2. DeSantis Moderated Racist Alt-Right Facebook Group
One can tell a lot about politicians by the company they keep, and DeSantis’ company has not only included Horowitz’ Restoration Weekend, but also, an alt-right Facebook group that calls itself Tea Party, has about 97,000 members and has also been full of racist, anti-immigrant and anti-Islam comments. The Facebook group, which DeSantis has moderated, is not establishment Republican by any means—and its other administrators have ranged from Corey Stewart (the Virginia senatorial candidate who has been praising Confederate Army figures like Robert E. Lee and Stonewall Jackson) to Kelli Ward (who lost to establishment pick Martha McSally in Arizona’s recent GOP senatorial primary). The late Arizona Sen. John McCain was often called a RINO (Republican In Name Only) in that group, and in a 2016 post, far-right activist Michael Ward (Kelli Ward’s husband) claimed that McCain was a “strong supporter of the Muslim Brotherhood.
3. DeSantis Hopes to Throw 1.7 Million Floridians of Health Care
In Florida, more than 1.7 million people obtained health insurance for 2018 via the federal exchanges created by the Affordable Care Act of 2010, a.k.a. Obamacare—and DeSantis would like to take health insurance away from every single one of them. As a member of the Freedom Caucus, DeSantis has stressed that he doesn’t consider health care a right, pushed for total repeal of the ACA and taken the position that if the poor cannot afford health care, that’s their problem.

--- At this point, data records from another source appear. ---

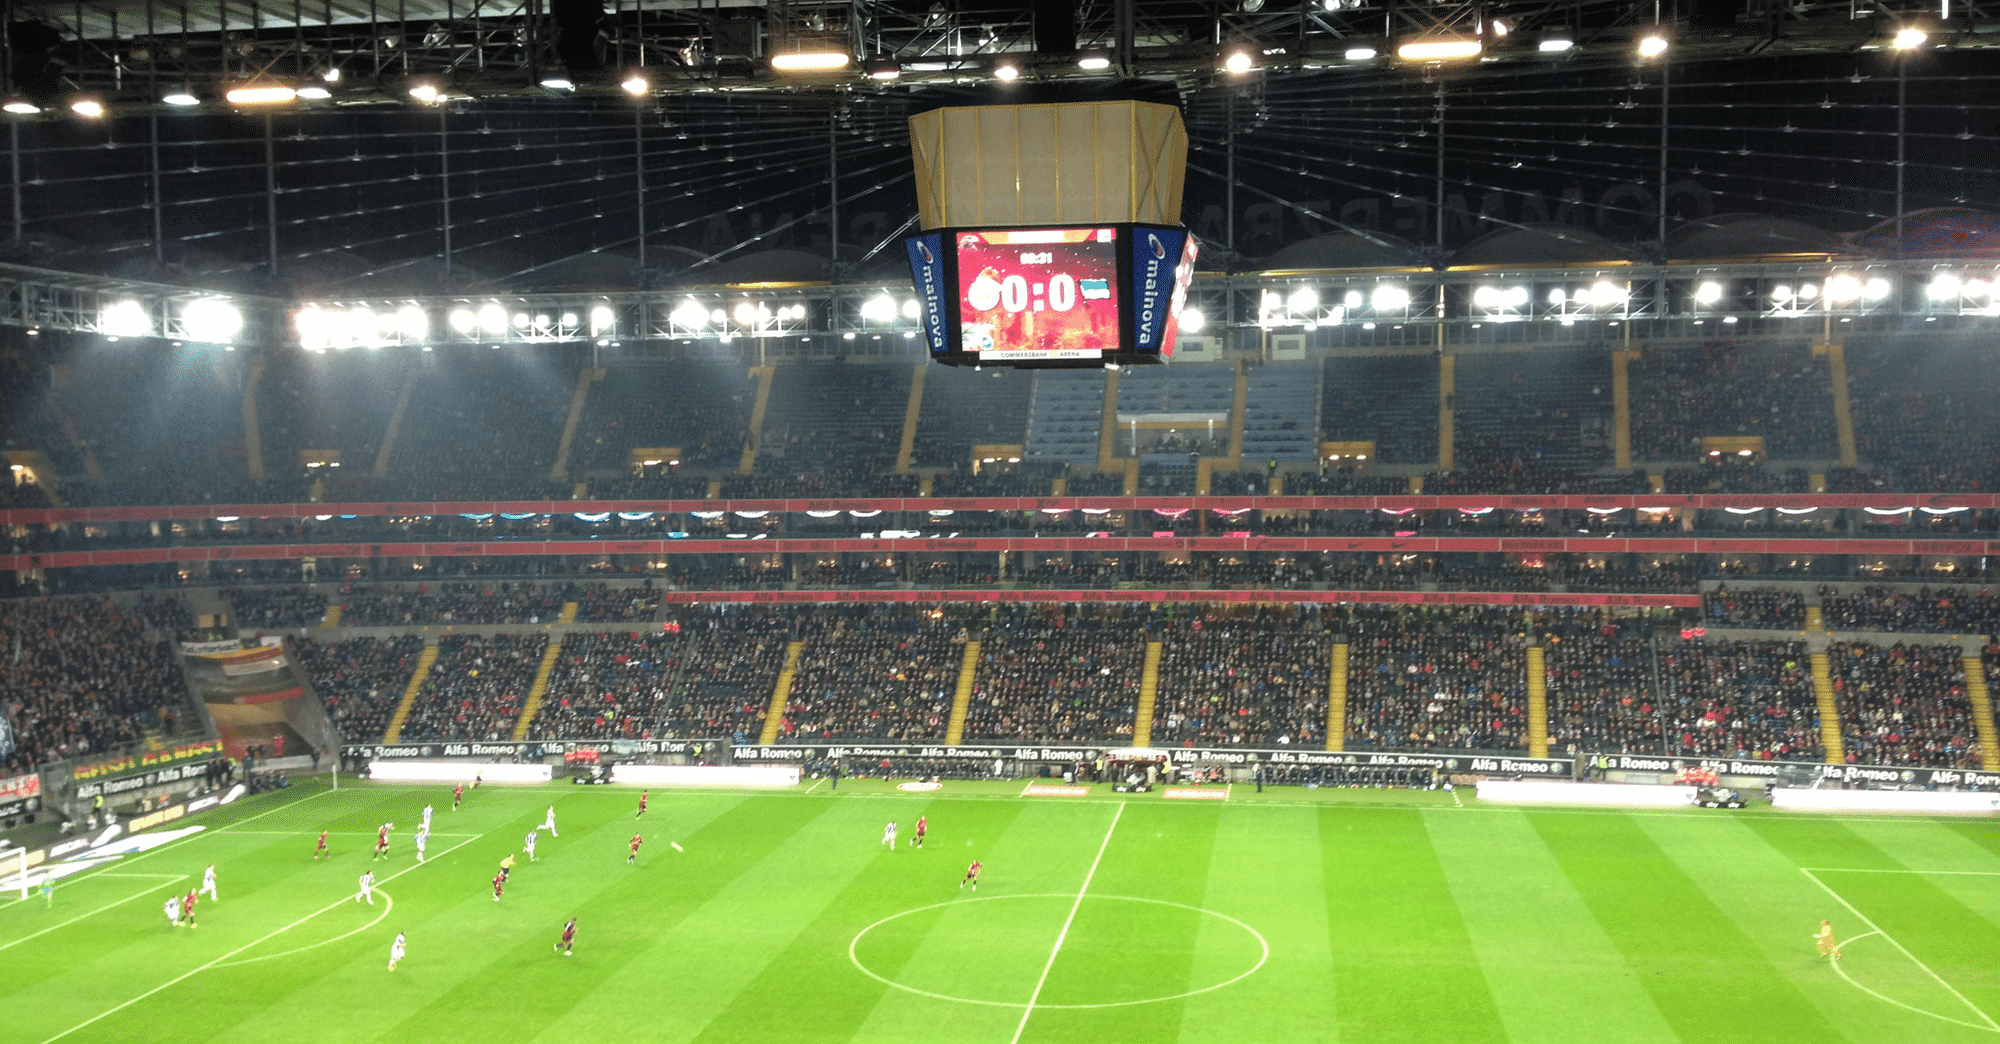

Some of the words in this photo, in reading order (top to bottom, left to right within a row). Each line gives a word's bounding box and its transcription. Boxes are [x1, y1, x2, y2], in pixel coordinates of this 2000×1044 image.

[1001, 273, 1076, 313] 0:0
[922, 264, 943, 348] mainova
[1138, 259, 1159, 344] mainova
[444, 744, 469, 756] Alfa
[472, 744, 515, 755] Romeo
[661, 742, 686, 753] Rom
[733, 748, 758, 759] Alfa
[760, 748, 803, 759] Romeo
[920, 748, 944, 757] Alfa
[947, 748, 989, 758] Romeo
[1014, 749, 1038, 760] Alfa
[1041, 749, 1084, 760] Romeo
[1173, 751, 1198, 762] Alfa
[1201, 751, 1244, 763] Romeo
[1271, 753, 1295, 763] Alfa
[1298, 753, 1343, 764] Romeo
[1369, 756, 1395, 765] Alfa
[1398, 756, 1444, 769] Romeo
[1470, 758, 1498, 771] Alfa
[1589, 755, 1617, 768] Aa
[1620, 757, 1670, 770] Romeo
[157, 767, 181, 783] Alfa
[1930, 770, 1961, 783] Alfa
[77, 784, 101, 799] Alfa
[103, 777, 144, 794] Romeo

4. DeSantis Thinks Even Paul Ryan Is Too Immigrant-Friendly
After Gillum won Florida’s Democratic gubernatorial nomination, DeSantis asserted that Floridians shouldn’t “monkey this up” by electing him in November. DeSantis’ campaign has denied that the comment was a racist dog whistle, asserting that by “monkey this up,” he meant screw this up or mess this up. But DeSantis has a long history of associating with white nationalists, whether it’s Restoration Weekend or the Tea Party Facebook group that Stewart and Kelli Ward have been involved in. And DeSantis is such an anti-immigrant hardliner that he has even accused House Speaker Paul Ryan and Adam Putnam (who he defeated in Florida’s GOP gubernatorial primary) of being soft on illegal immigration. When Ryan was crafting an immigration bill in June, DeSantis declared, “I am negative towards Ryan’s bill. I think it’s a really big amnesty.”

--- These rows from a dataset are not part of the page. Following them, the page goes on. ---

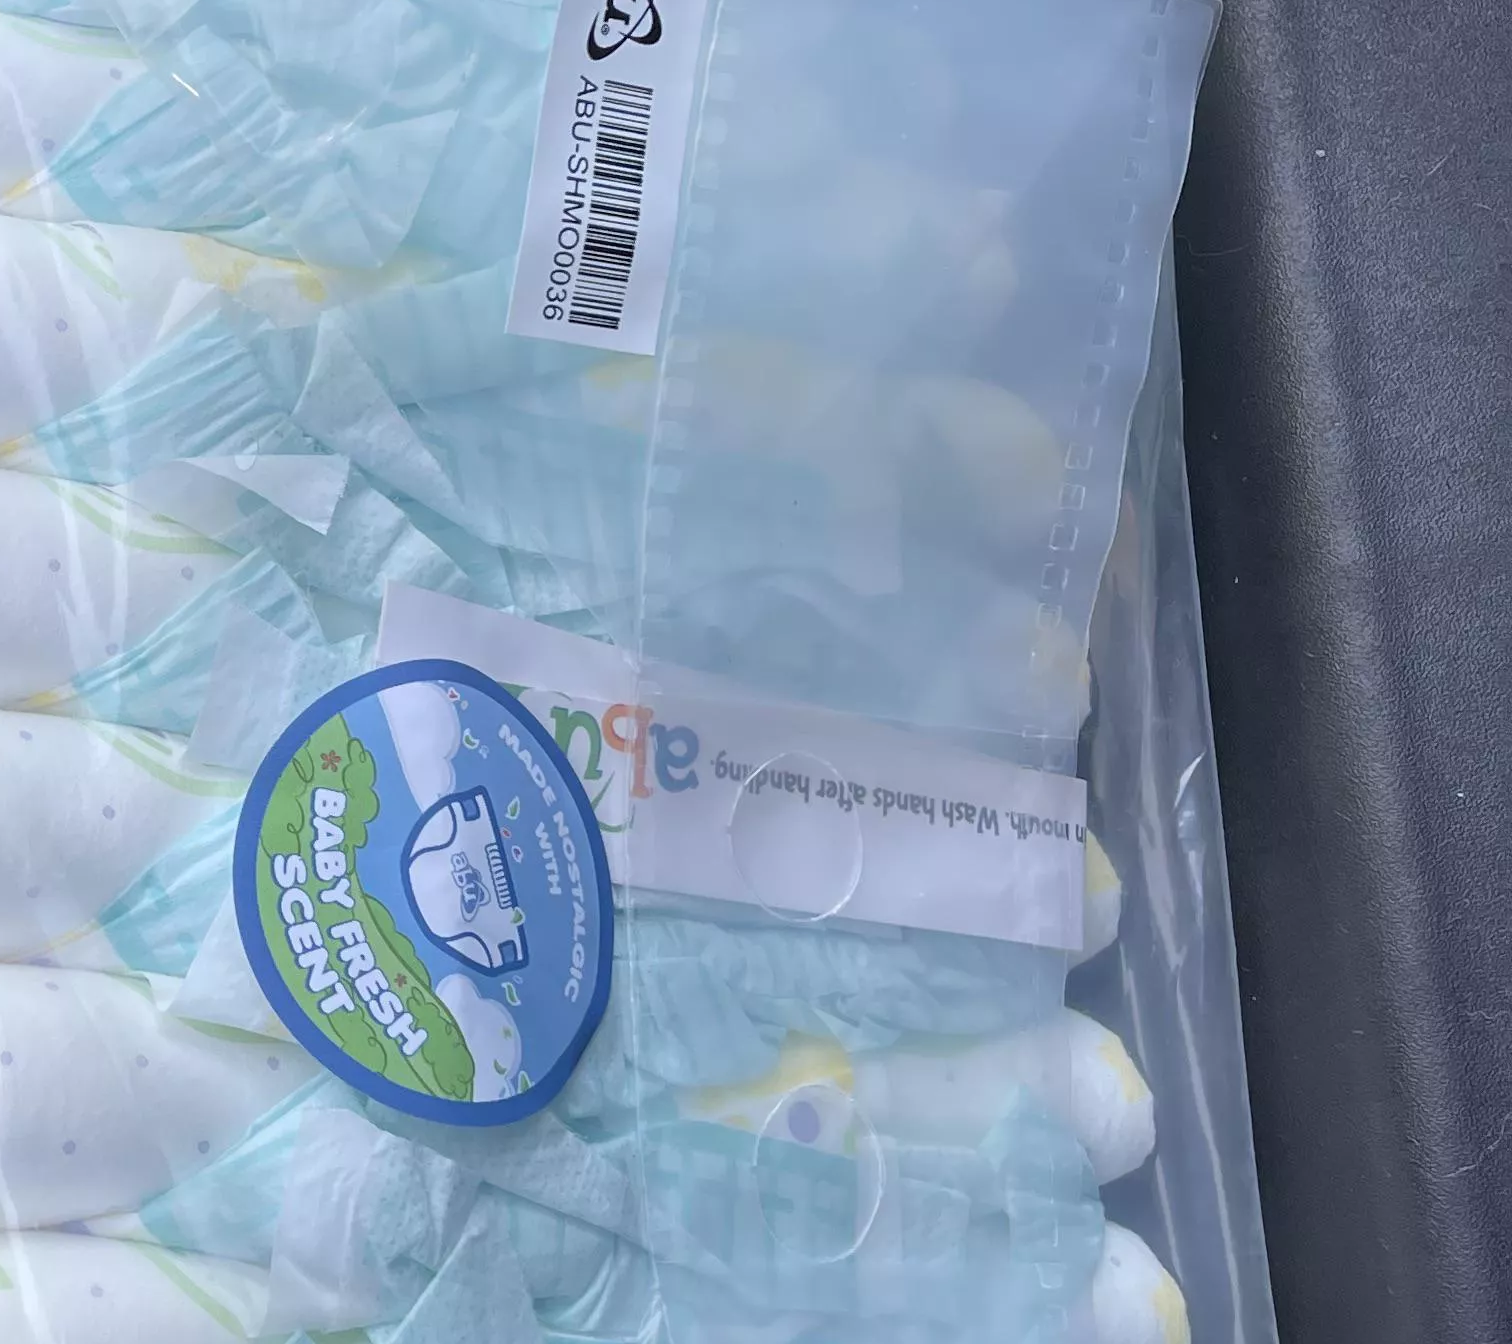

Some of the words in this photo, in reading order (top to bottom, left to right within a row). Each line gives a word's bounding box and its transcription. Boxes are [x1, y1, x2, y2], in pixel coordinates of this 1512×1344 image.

[542, 74, 599, 321] ABU-SHMO0036
[710, 750, 810, 803] handling.
[815, 778, 867, 813] after
[873, 786, 935, 826] hands
[312, 786, 355, 910] BABY
[942, 798, 1000, 837] Wash
[1004, 810, 1070, 841] mouth.
[498, 723, 558, 808] MADE
[551, 810, 588, 1004] NOSTALGIC
[534, 822, 562, 896] WITH
[272, 853, 356, 1016] SCENT
[330, 919, 429, 1056] FRESH

5. DeSantis Is an Unapologetic Theocrat
To DeSantis, there should be no separation of church and state. He is on very friendly terms with the Christian Right, favors restricting abortion as much as he possibly can in Florida and has supported anti-gay measures such as the so-called First Amendment Defense Act (which was sponsored by Mike Lee in the Senate and Raul Labrador in the House of Representatives).